● **Records for the exercise**
[Start of section]
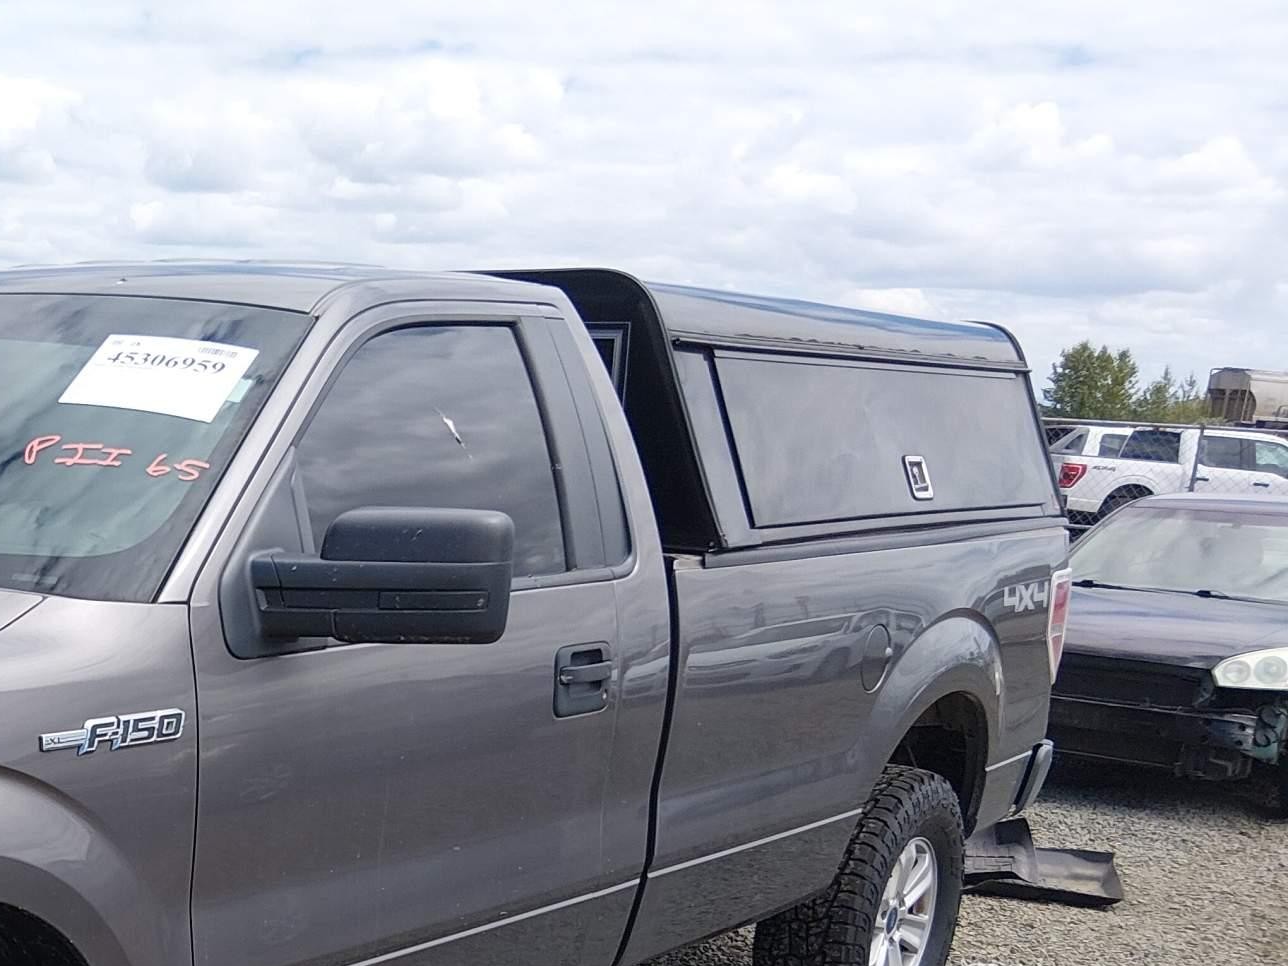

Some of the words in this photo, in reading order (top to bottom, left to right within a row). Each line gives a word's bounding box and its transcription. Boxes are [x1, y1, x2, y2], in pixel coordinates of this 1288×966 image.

[107, 350, 226, 375] 45306959
[145, 453, 211, 482] 65
[78, 708, 185, 756] F-150
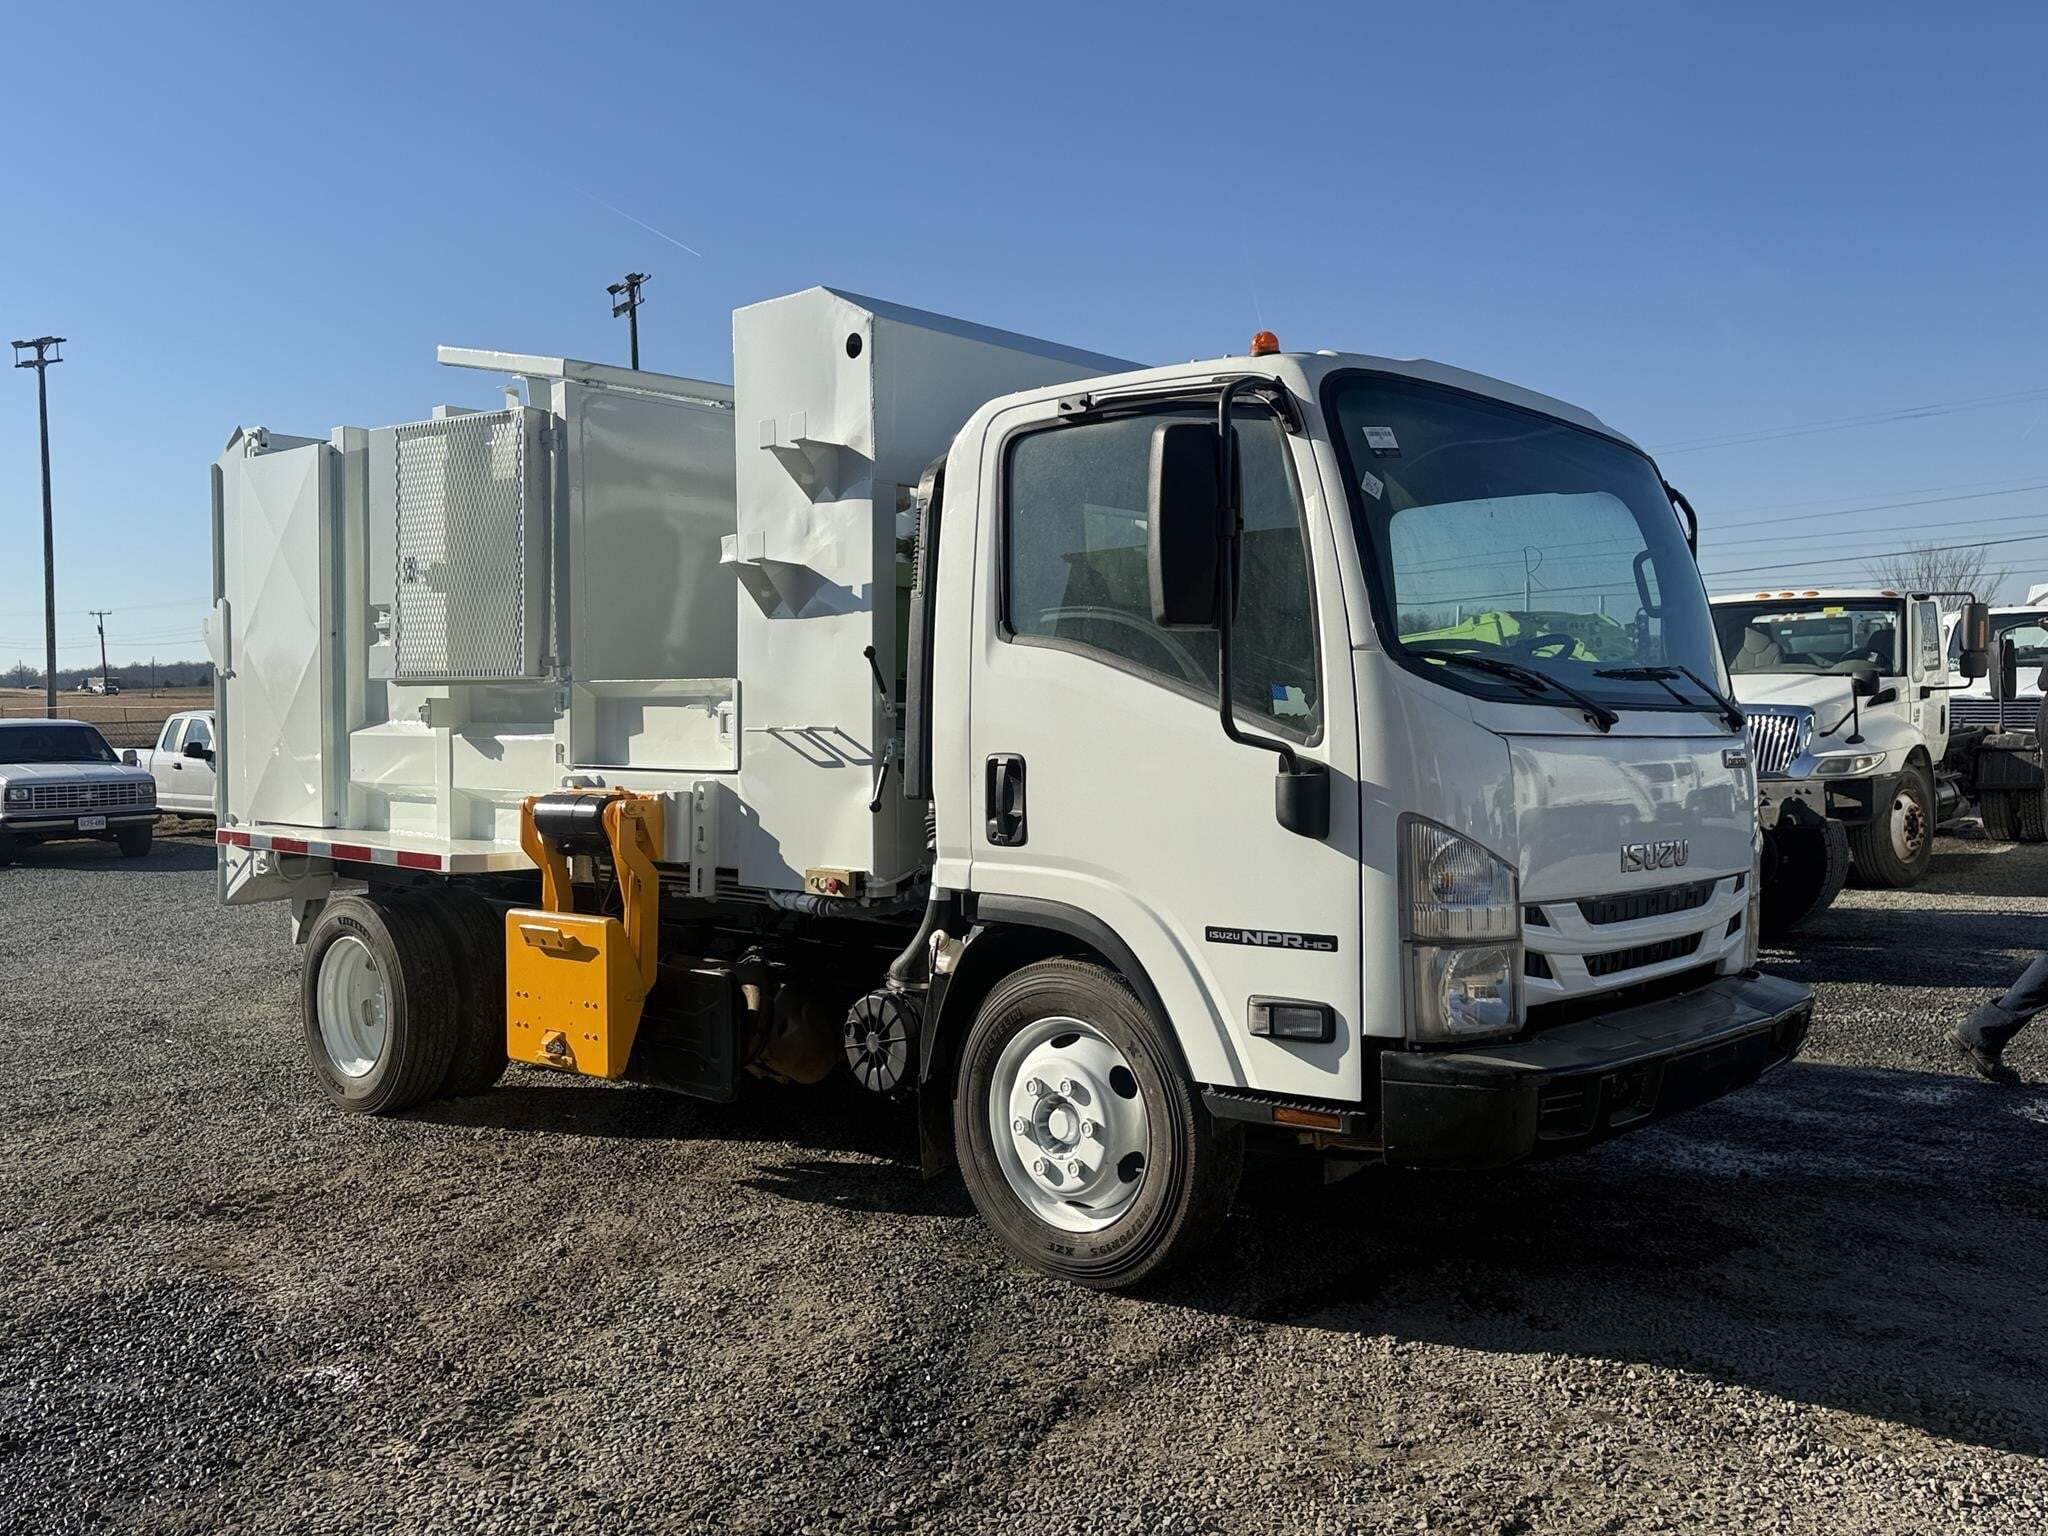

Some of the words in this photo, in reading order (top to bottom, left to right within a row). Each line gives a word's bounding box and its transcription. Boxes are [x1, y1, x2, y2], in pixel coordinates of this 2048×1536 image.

[1620, 839, 1689, 873] ISUZU
[1209, 931, 1240, 940] ISUZU
[1241, 931, 1303, 947] NPR
[1304, 941, 1332, 950] HD
[End of section]
● **Exercise description**
Skipping any images, write out all the data exactly.

● **Written response**
Some of the words in this photo, in reading order (top to bottom, left to right within a row). Each line gives a word's bounding box and its transcription. Boxes are [x1, y1, x2, y2], in pixel coordinates of this 1288×966 image.

[107, 350, 226, 375] 45306959
[145, 453, 211, 482] 65
[78, 708, 185, 756] F-150

Some of the words in this photo, in reading order (top to bottom, left to right within a row). Each line gives a word's bounding box and its transcription. Boxes are [x1, y1, x2, y2], in pixel coordinates of this 2048×1536 image.

[1620, 839, 1689, 873] ISUZU
[1209, 931, 1240, 940] ISUZU
[1241, 931, 1303, 947] NPR
[1304, 941, 1332, 950] HD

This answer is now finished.